Couple are a sure shot

Gwen and her bridal party in 1956.

By NARELLE COULTER

BILL Toogood knew wife Gwen was the one for him when she jumped at the chance to go rabbit shooting while they were courting.
“I taught her to shoot,” said Bill proudly.
“I also taught her how to set traps. We would get home from the pictures in Korumburra and check the traps. I used to sell the rabbits at the (butcher’s) shop.
“One night a rabbit got out and she ran and caught it.”
Bill glances proudly at his wife of nearly 60 years, the affection between them obvious.
Gwen, 79, and Bill 87, celebrate their 60th wedding anniversary on 18 February.
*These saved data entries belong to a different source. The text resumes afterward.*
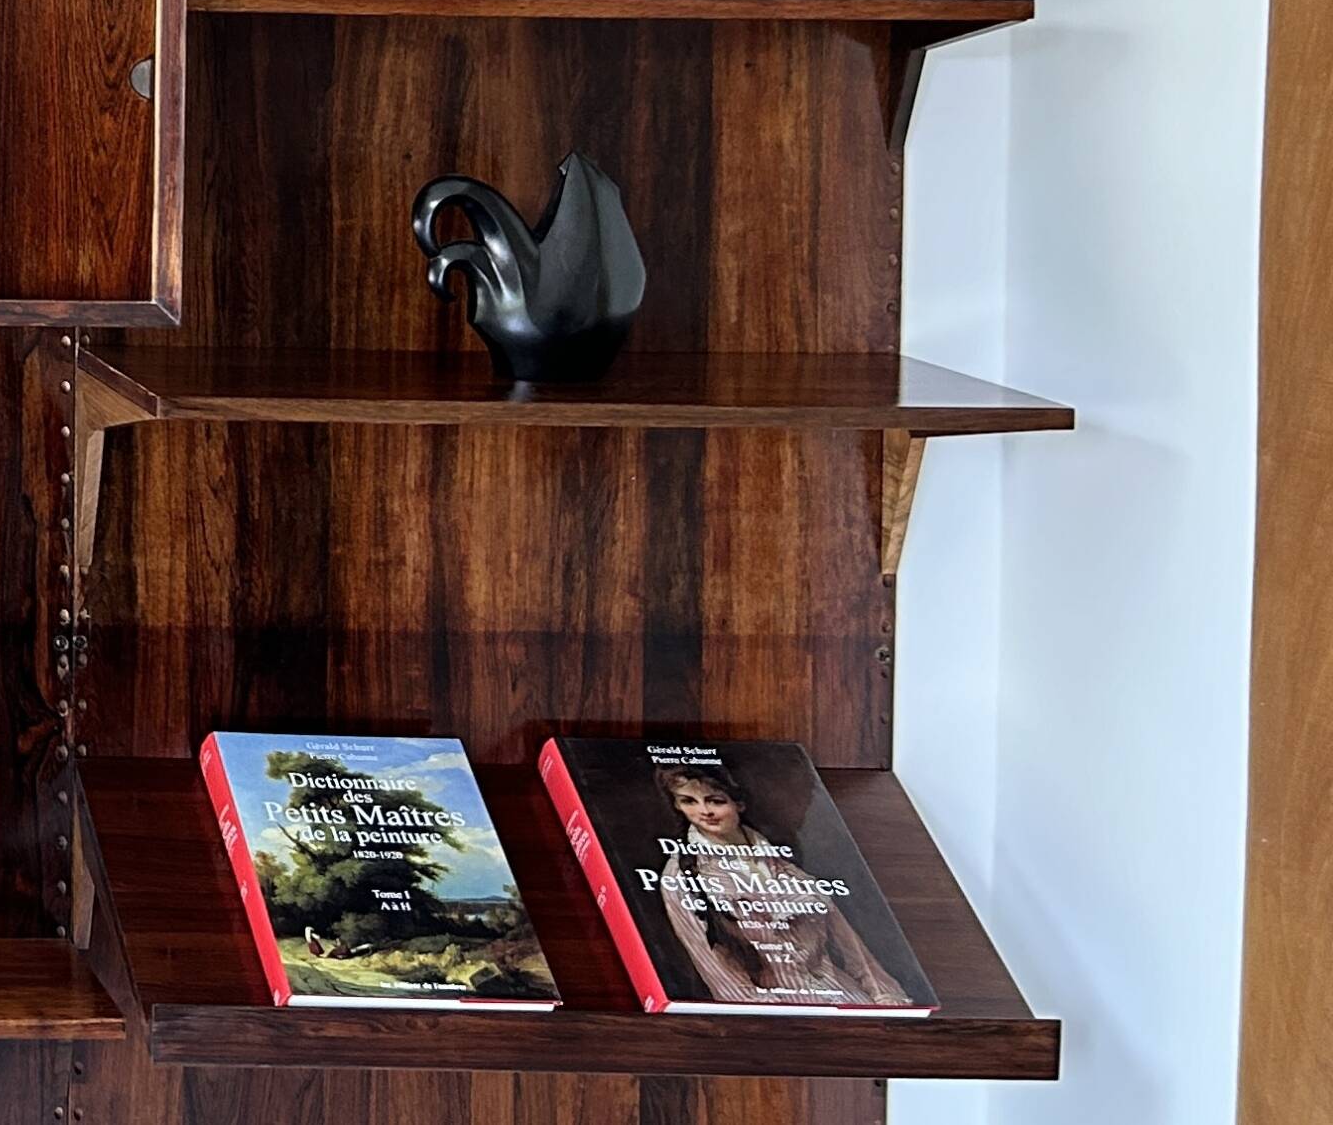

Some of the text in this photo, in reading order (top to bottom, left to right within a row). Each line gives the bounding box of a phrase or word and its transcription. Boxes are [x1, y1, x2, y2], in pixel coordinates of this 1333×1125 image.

[288, 772, 417, 791] Dictionnaire
[342, 789, 374, 803] des
[263, 800, 466, 827] Petits Maîtres
[299, 826, 443, 847] de la peinture
[352, 849, 404, 860] 1820-1920
[657, 838, 794, 858] Dictionnaire
[718, 855, 750, 871] des
[635, 868, 851, 897] Petits Maîtres
[371, 889, 403, 899] Tome
[381, 901, 391, 911] A
[401, 901, 412, 911] H
[680, 892, 828, 915] de la peinture
[737, 920, 790, 930] 1820-1920
[749, 940, 783, 950] Tome
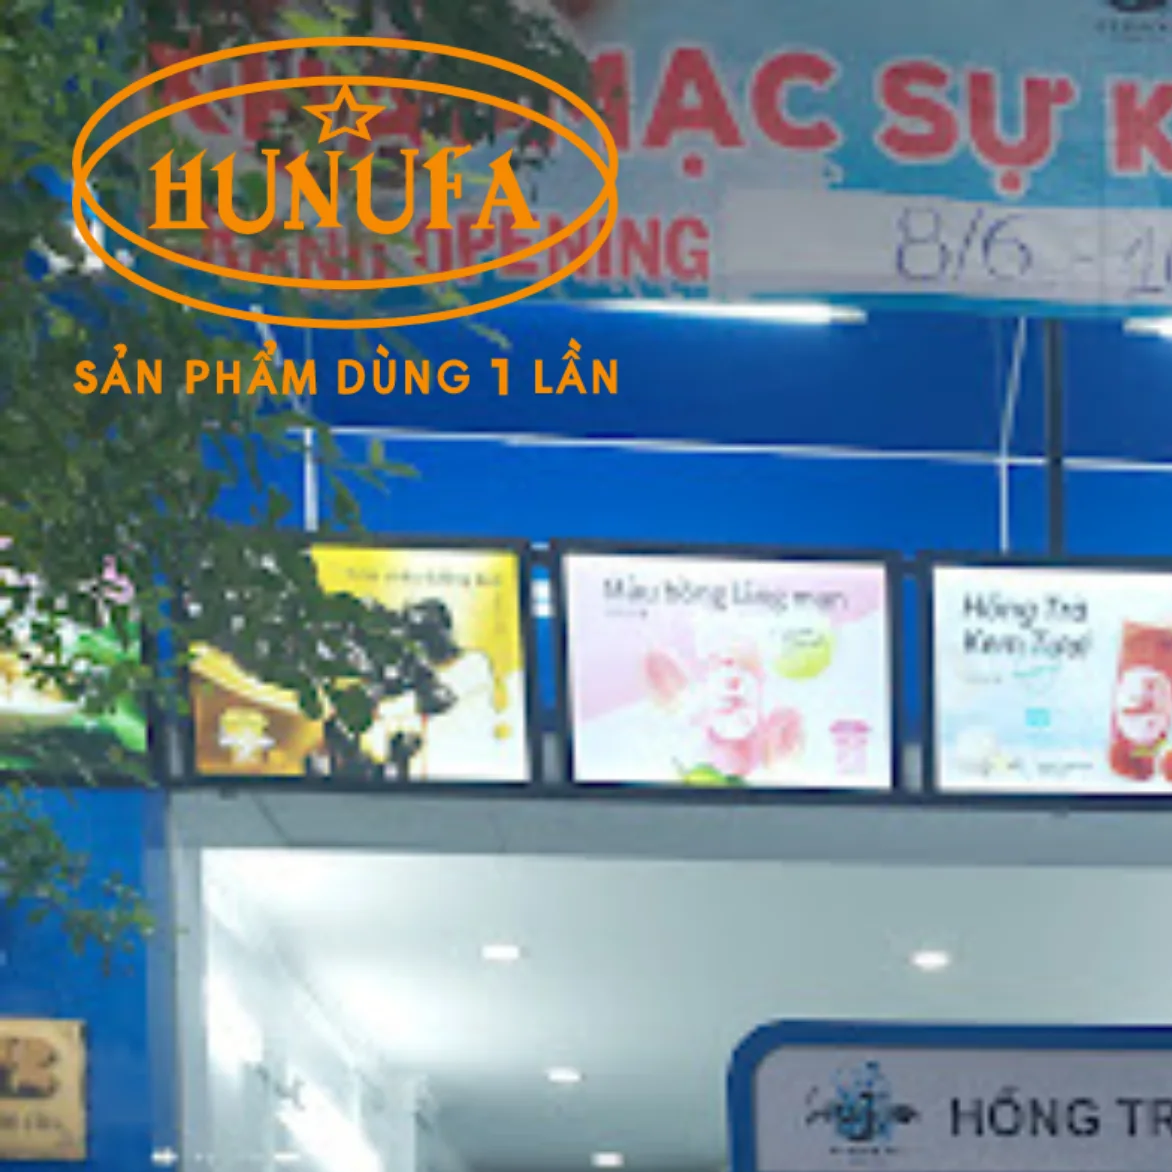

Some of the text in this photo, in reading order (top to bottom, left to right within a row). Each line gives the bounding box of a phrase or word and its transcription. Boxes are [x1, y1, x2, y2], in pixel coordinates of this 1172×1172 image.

[875, 60, 1076, 193] SỰ
[413, 211, 709, 281] OPENING
[896, 207, 1034, 281] 8/6
The couple has lived most of their married life in Dandenong in a little white house in Alexander Avenue that Bill built himself.
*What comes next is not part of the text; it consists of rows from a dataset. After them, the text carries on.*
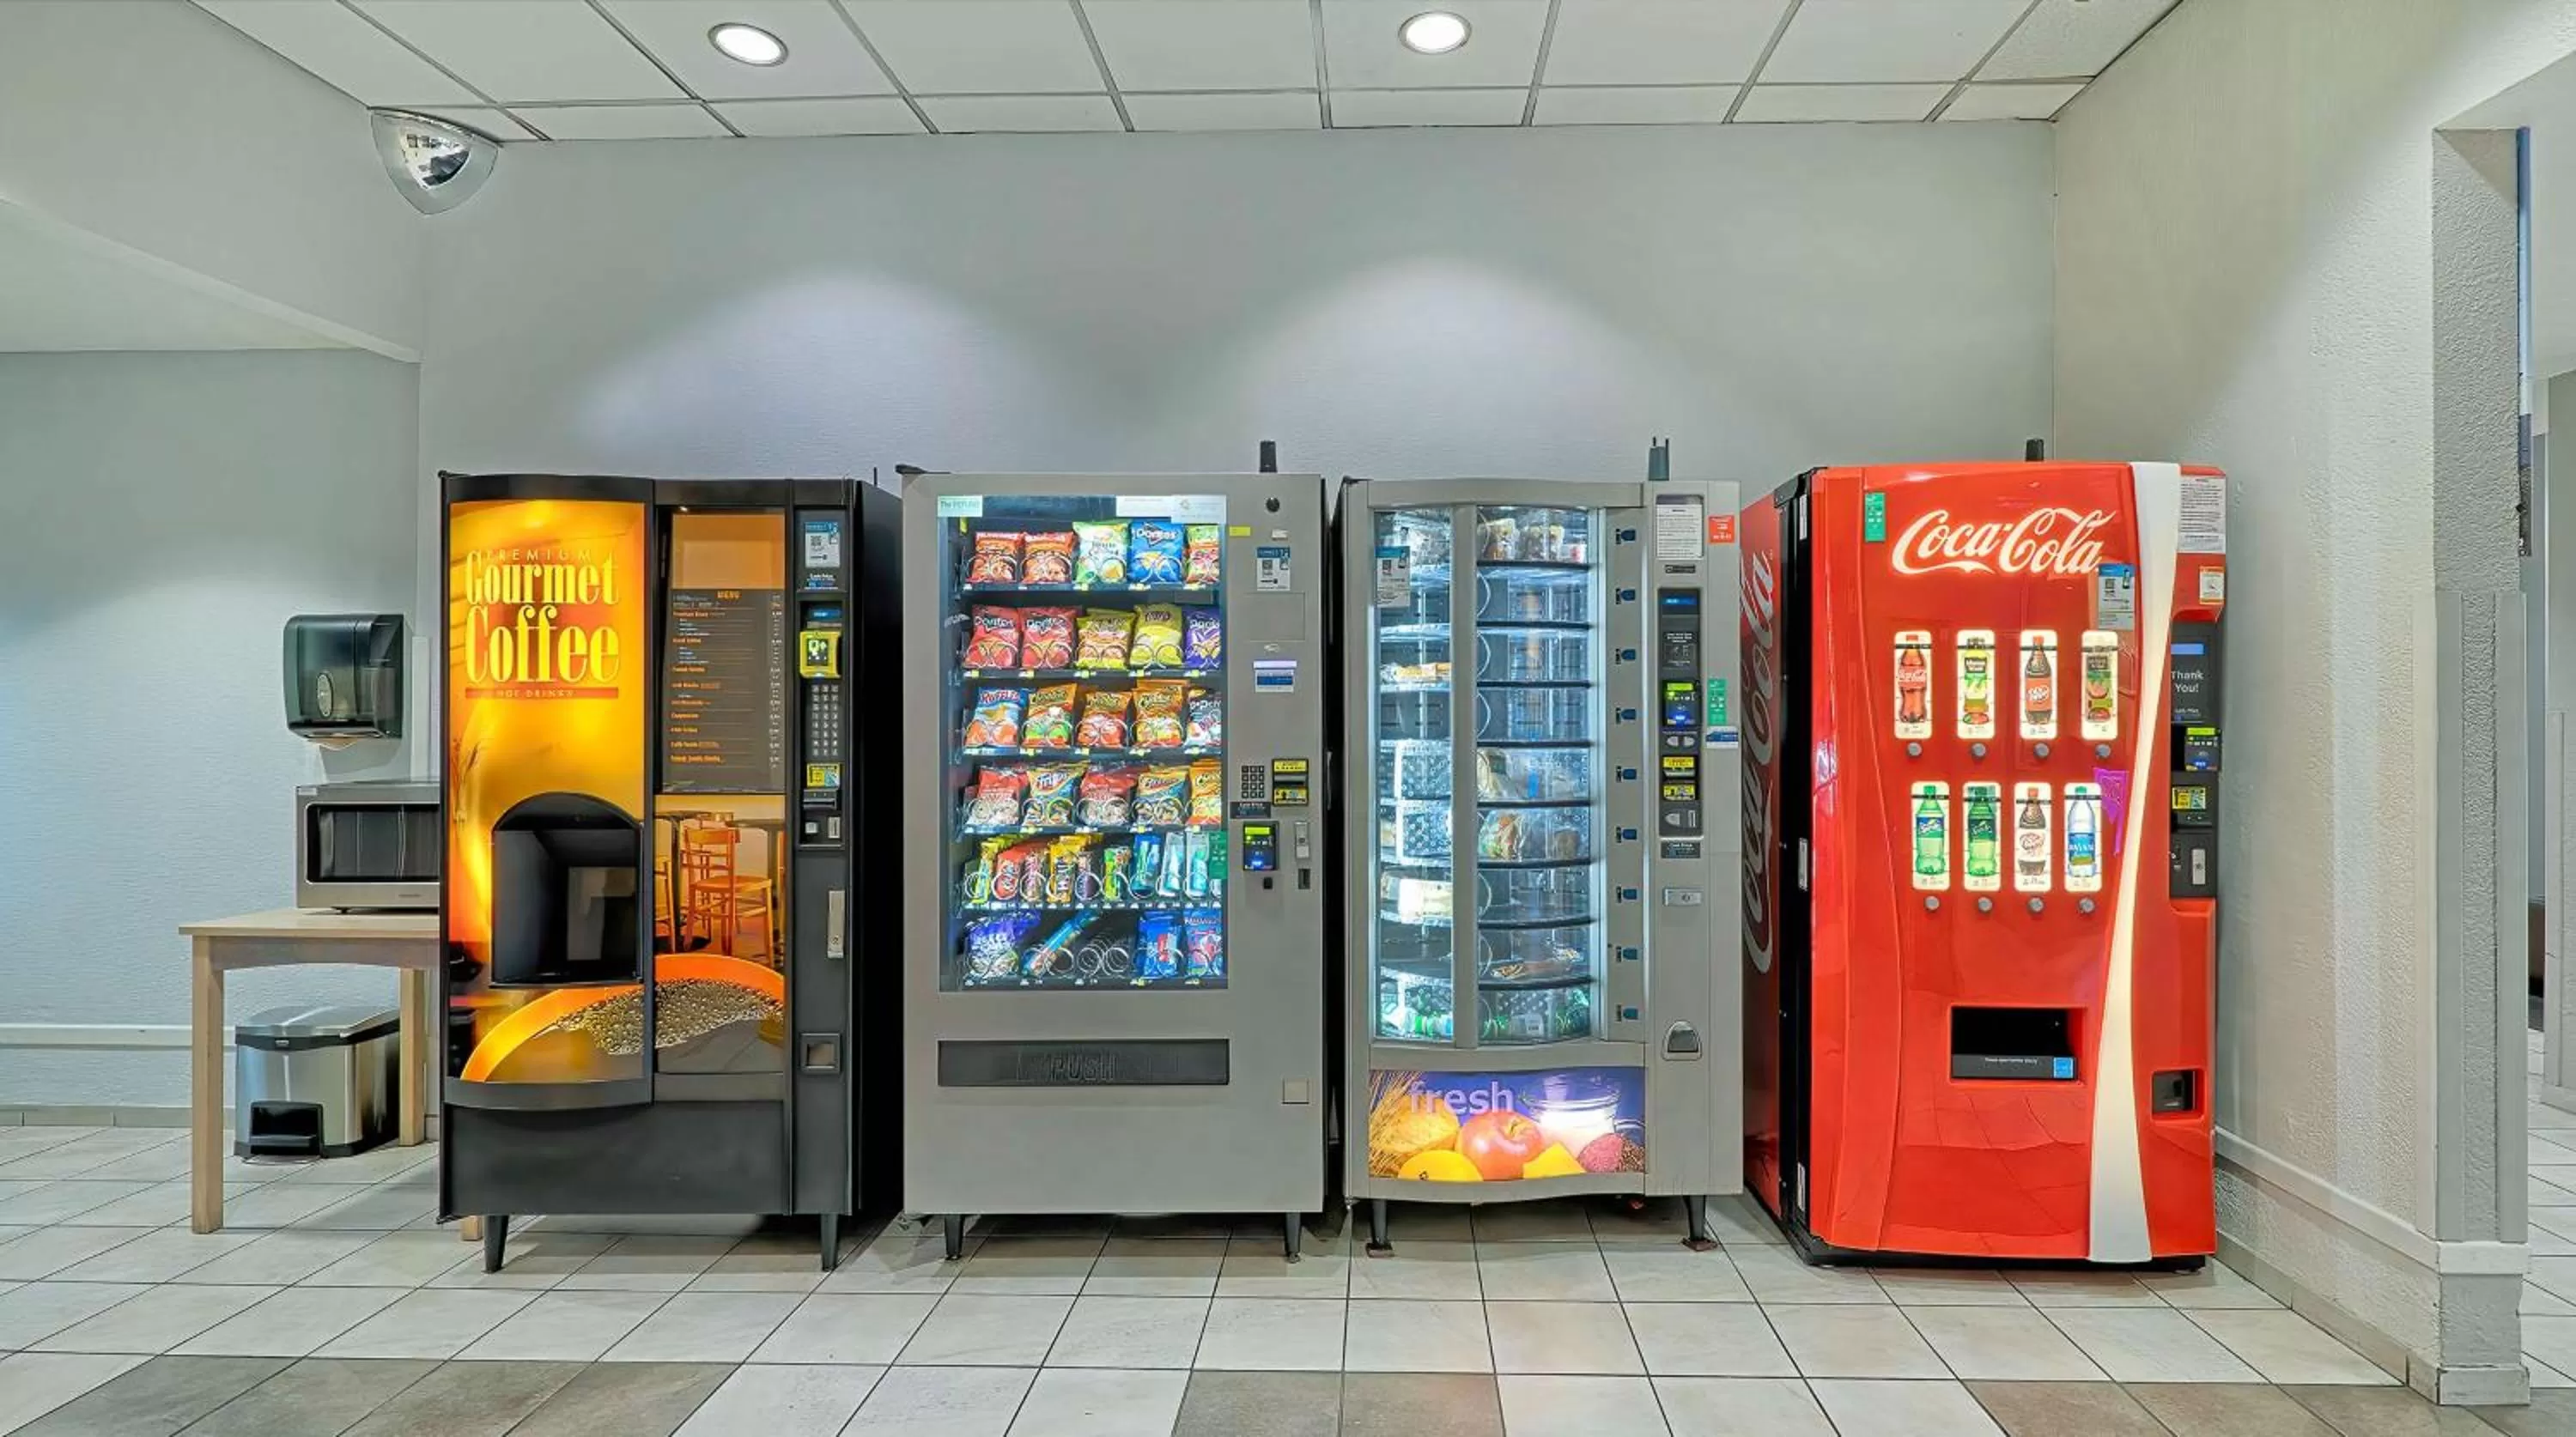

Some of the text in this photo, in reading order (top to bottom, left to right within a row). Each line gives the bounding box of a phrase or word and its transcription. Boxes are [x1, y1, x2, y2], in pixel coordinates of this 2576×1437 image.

[1892, 507, 2115, 573] Coca-Cola
[465, 550, 619, 605] Gourmet
[465, 604, 619, 683] Coffee
[2171, 670, 2204, 680] Thank
[2174, 683, 2199, 693] You!
[1741, 549, 1773, 974] CocaCola
[1408, 1080, 1514, 1113] fresh
Bill worked for many years as a butcher in Dandenong before eye problems forced an early retirement.
He describes marriage as the “best thing in my life”.
As Journal photographer Rob Carew asked Gwen and Bill to cuddle up for a photo, Bill grumbled: “I’m too old for this.”
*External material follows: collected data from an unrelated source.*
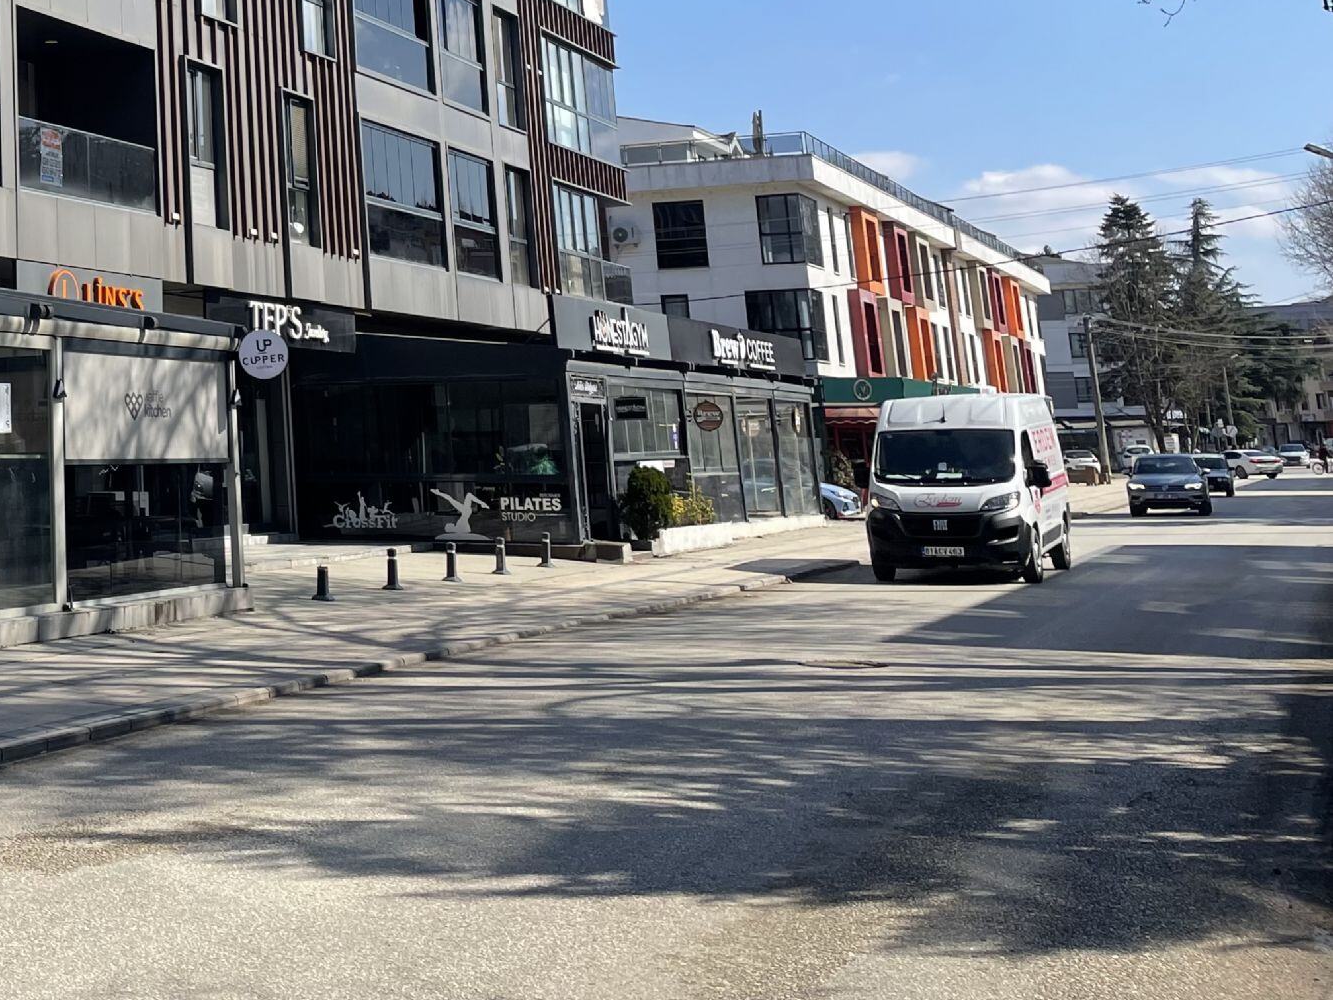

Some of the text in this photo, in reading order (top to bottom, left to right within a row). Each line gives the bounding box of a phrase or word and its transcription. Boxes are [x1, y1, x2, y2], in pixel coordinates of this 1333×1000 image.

[256, 338, 272, 352] UP
[711, 328, 776, 363] Brew COFFEE
[242, 353, 285, 366] CUPPER
[500, 496, 562, 511] PILATES
[332, 514, 398, 529] CrossFit
[501, 511, 536, 522] STUDIO
“You weren’t saying that 60 years ago old boy,” chortles Gwen’s older sister Val who was in the couple’s bridal party.
The sisters grew up with Bill in the little farming community of Poowong.
Their earliest memory of each other is from VE Day in 1945.
Bill was droving cattle along a road when he stopped to ask the sisters, who were on their way home from school, why the church bells were ringing. Gwen was about eight at the time.
Years later when Gwen’s father “put on a barrel” for Bill’s mate’s birthday, Bill took his chance and asked Gwen out.
“I thought he was nice and kind,” said Gwen.
“I knew him and grew up with him. I’ve known him all my life.”
She remembers Bill coming into the bakery where she worked in Poowong to sit by the heater wearing “a maroon scarf and gabardine overcoat”.
She still has the maroon scarf.
Bill’s first job in Dandenong was in Henry Hicks’ butchery in Cadels Arcade.
The business later moved to Thomas Street, around the corner from the old Journal office.
Bill eventually purchased the business, renaming it Toogood Meats.
The couple courted for two years before Bill decided they would get married.
He was so keen to secure Gwen’s hand that he barged into her parents’ bedroom to ask her father’s permission.
“They were in bed and I went in and said ‘OK if I marry your daughter?’ They said yes. They couldn’t say anything else,” chuckled Bill.
“She was a nice girl and I was lonely. I never had a mother or father. I wanted a family.”
“He just told me we were getting married,” added Gwen.
Gwen bought her wedding dress at Renee Rose in Swanston Street.
They were married in the All Saints Anglican Church in Poowong on a hot summer’s day.
Afterwards, they celebrated with family and friends at the Poowong Hall.
“I didn’t get into the hall that much that night. I kept getting called into the pub to have a drink,” said Bill mischievously.
They spent a few days honeymooning in Rosebud before Bill was called back to work so the boss could go duck shooting.
When the Toogood’s moved to Alexander Avenue it was dirt road with very few residents.
Bill and Gwen lived in a caravan.
Their letterbox was the highway because the postie wouldn’t deliver down the unsealed, often muddy road. Nor would the “dunny man” venture to their house.
Instead the waste was used to fertilise Bill’s famous rhubarb patch.
In the ensuing years the couple had three sons – Gary, Michael and Phillip. The clan has now expanded to include five grand-children.
When Bill retired, the Journal printed a photograph of him and singer John Farnham’s sister, Jeanne, standing on an old panel van festooned with flowers. Jeanne owned a florist shop and Bill would store her unsold flowers in his fridges.
They celebrated their diamond milestone with a lunch on Saturday at Dandenong’s Workers Social Club in Wedge Street.
And the secret to a long, happy marriage?
“You have your ups and downs but you get through it,” said Gwen, glancing at her husband.
“What you put in you get out of it. In fact you get double what you put in.”